Bullfrog1987. That's difficult to say because they are connected, I suppose both. It's difficult to feel attractive when you have defects in your vaginal walls!! and also I'm uncomfortable in my daily life, not allowed to lift hardly anything, discomfort walking, toilet issues etc, because of this. Sex itself is a bit uncomfortable but also pleasurable in some positions, but it does hurt afterwards for a couple of days. 
I suppose the truth is that I'm really aware my anatomy is not in it's correct place. I'm only 35 ): ):. This is causing me general life and career issues, but yes, the mental impact of things not being right sexually too, like the equipment all works still but it is not in it's correct place.


----------



## Bulfrog1987 (Oct 8, 2021)

Lotsofheart73 said:


> How about look at post #3


Oh yes, I must have scrolled too fast!! EEEEK.


----------



## Young at Heart (Jan 6, 2015)

Caileag87 said:


> .......Generally our sex life has been good and frequent and we are both on similar page and well suited in that way.* I'll admit that there has been some periods of time where I have rejected him for a while due to tiredness / body image issues which I knew hurt his feelings*.....
> 
> Recently I have female gynae issues and I'll need surgery. ..... *I can still technically have sex, but the issues are horrible and make me feel so unfeminine and sex uncomfortable* and I am 'loose' now when I wasn't before. If things get any worse then sex won't be even possible until after healing from surgery.
> 
> ...


*What can you do?* Please note, you didn't ask what he should do. You also have a lot of self-awareness of the problem and your share of its historic start. Finally, you should be congratulated on addressing the medical condition with your doctor in a heath care system that rations medical care. You are looking for a solution that you can implement or at least gain control of the situation.

*Things you can do:*

Ask him to forgive you for when you rejected him sexually. Tell him that you now understand how hurtful it can feel to be sexually rejected. If you do feel this way, tell him how much you love him and how you will promise to work at your marriage, but you will need his help. Also tell him how much you sexually desire him.

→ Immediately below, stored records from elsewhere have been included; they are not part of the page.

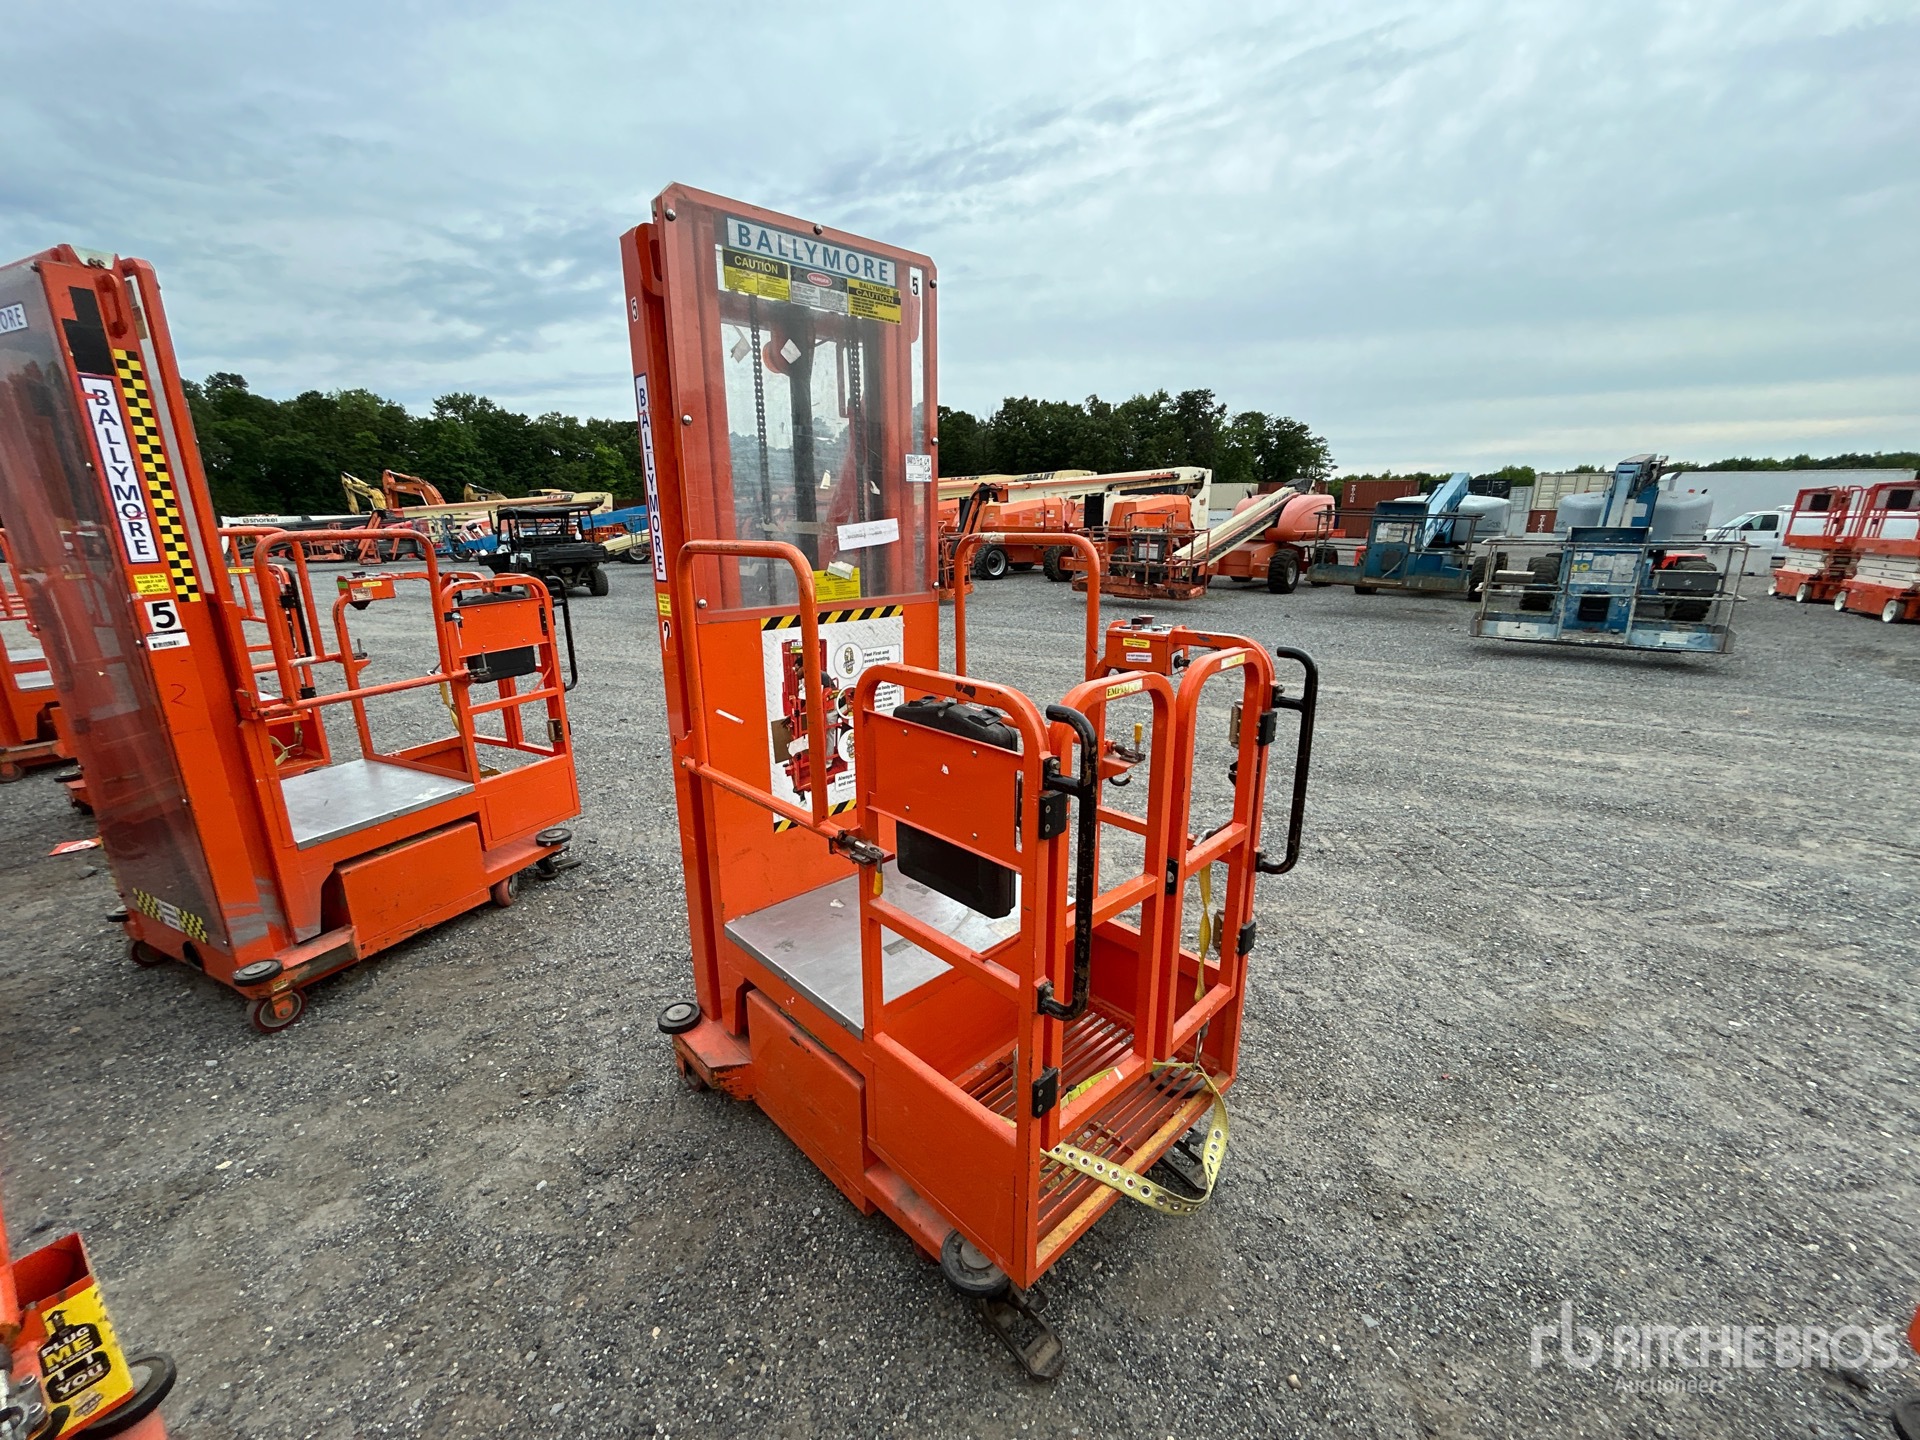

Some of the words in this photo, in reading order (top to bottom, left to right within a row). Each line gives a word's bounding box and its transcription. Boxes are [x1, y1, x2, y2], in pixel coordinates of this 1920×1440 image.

[734, 255, 778, 274] CAUTION
[738, 223, 889, 282] BALLYMORE
[856, 289, 894, 303] CAUTION
[859, 282, 891, 295] BALLYMORE
[912, 276, 919, 295] 5
[93, 388, 150, 556] BALLYMORE
[639, 388, 664, 574] BALLYMORE
[152, 602, 176, 628] 5
[170, 683, 194, 708] 2
[41, 1326, 90, 1358] PLUG
[44, 1333, 93, 1368] ME
[61, 1343, 95, 1366] TODAY
[56, 1363, 104, 1394] YOU

Ask him to help you as you try to work on solutions and get the medical care you have been told that you need. Tell him that you need his support now more than ever.

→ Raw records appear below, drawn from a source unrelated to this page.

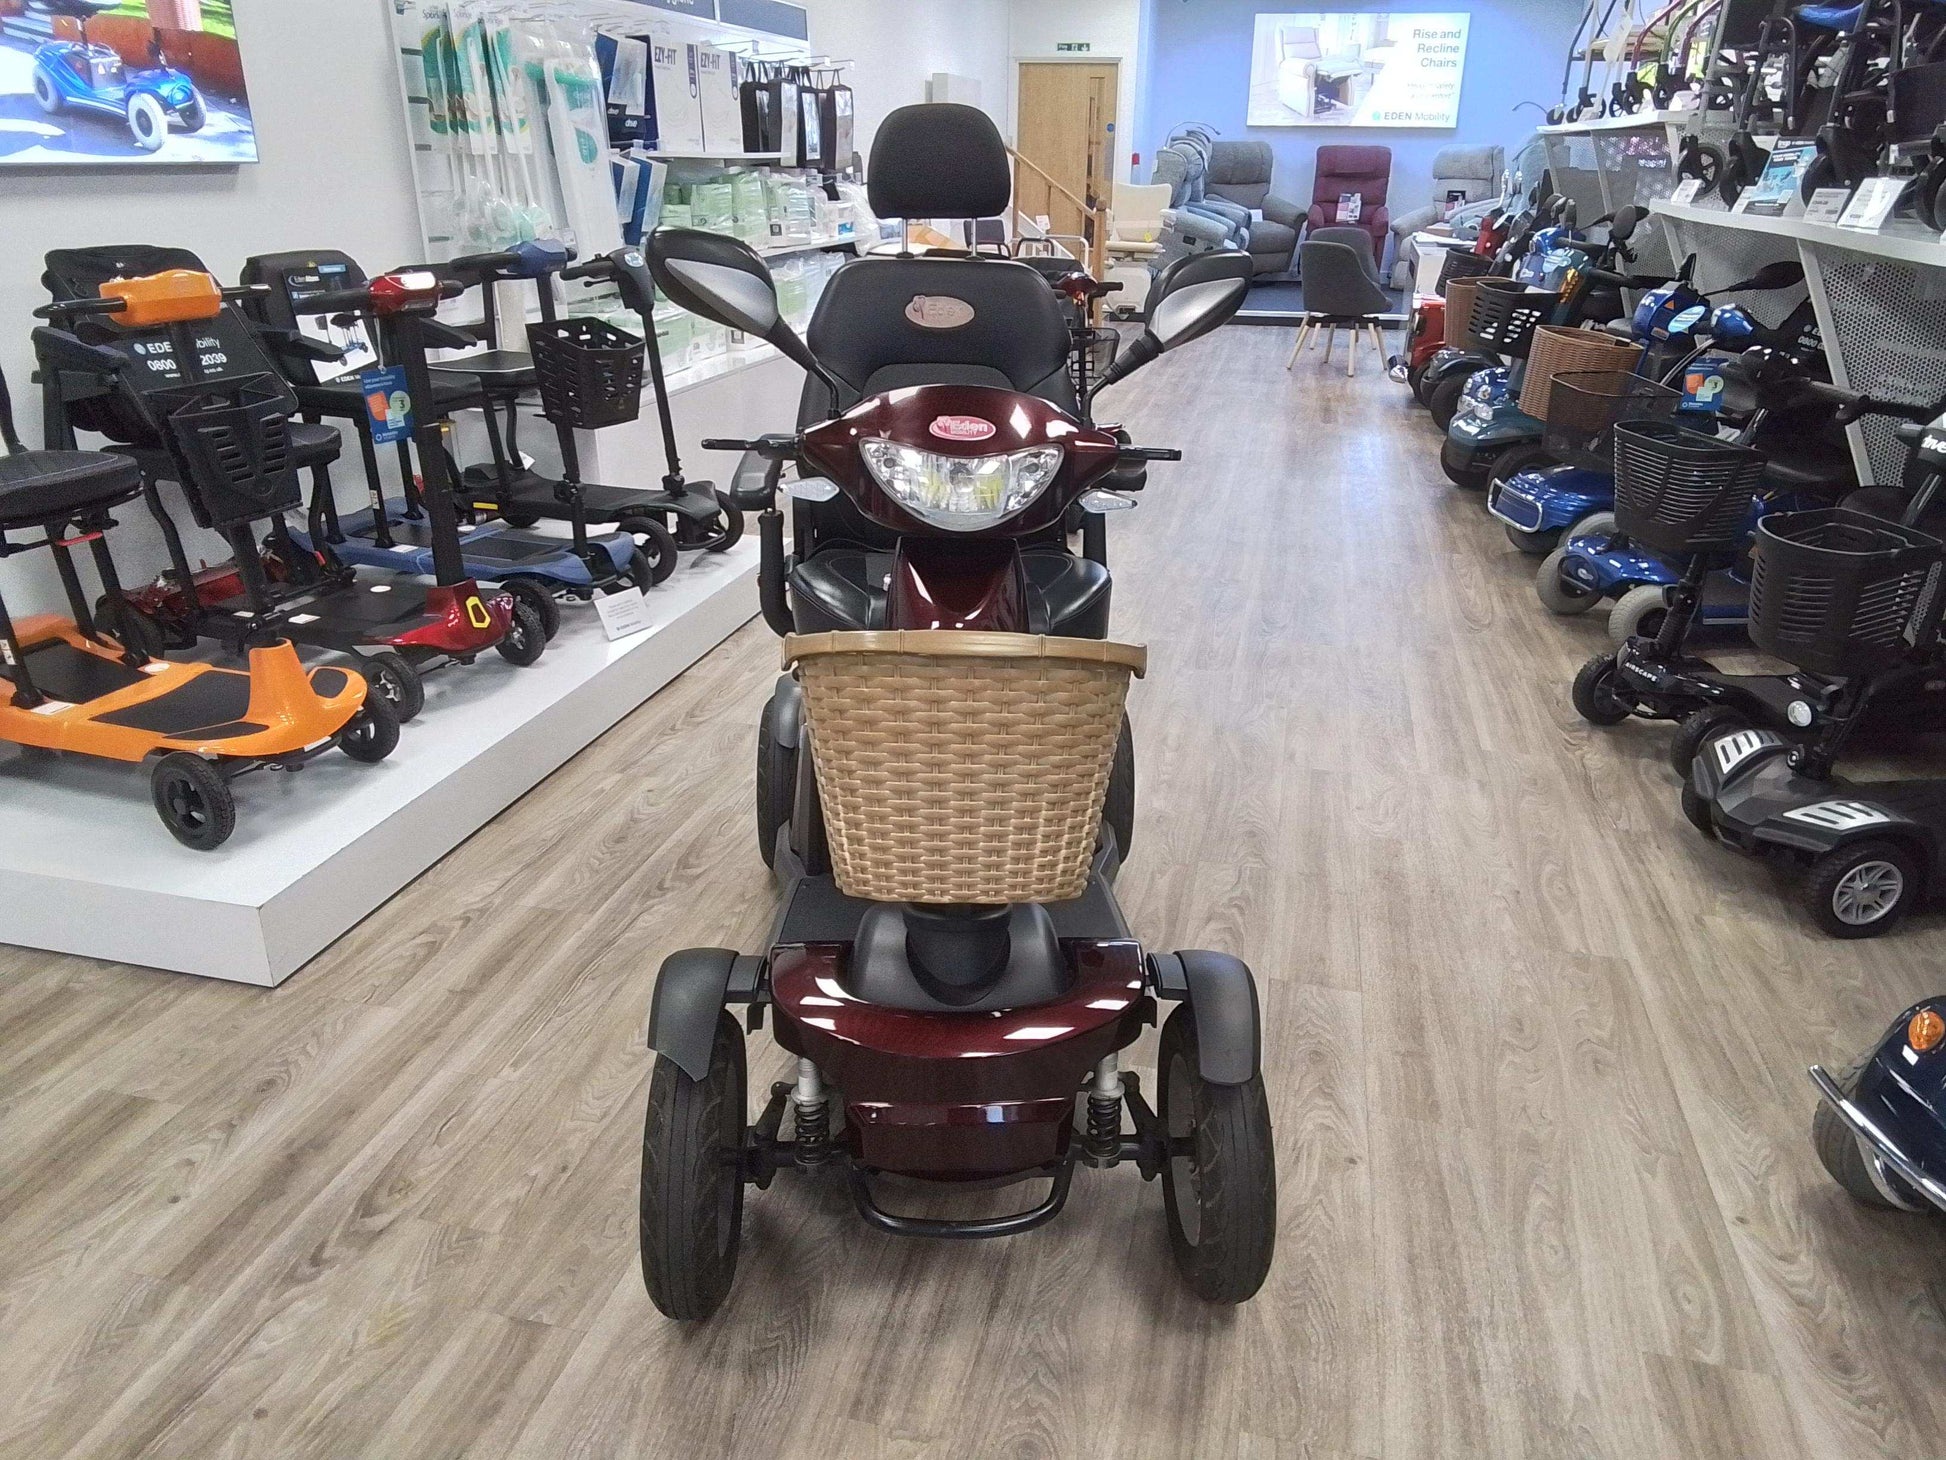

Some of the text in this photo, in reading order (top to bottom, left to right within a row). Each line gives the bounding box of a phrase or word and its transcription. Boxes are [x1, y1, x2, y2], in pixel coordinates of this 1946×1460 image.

[1412, 28, 1462, 39] Rise and
[1417, 43, 1460, 54] Recline
[1420, 57, 1458, 68] Chairs
[1383, 111, 1450, 123] EDEN Mobility
[146, 337, 221, 354] EDE bility
[146, 352, 228, 371] 0800 2039
[951, 420, 988, 431] Eden
[1625, 662, 1658, 682] AIRSCAPE

Your comment about him needing to apologize first is both understandable and tragic. He is being childish and hurt and you are acting childish and hurt. This is not going to do anything but make your marriage crisis worse. One of you needs to step up and be the adult first, so that the other can as well. Don't make sex into a power struggle.

Let's put this in context. Your marriage sexual problem just didn't start with the birth of your last child. It probably has its roots long before that and neither of you were willing to address it or deal with it. Both of you did a rug sweep and kept the real problems out of sight, for the most part. You and your H have allowed it to fester for a long time. At some point the two of you will need to address it, forgive each other, and work toward a solution.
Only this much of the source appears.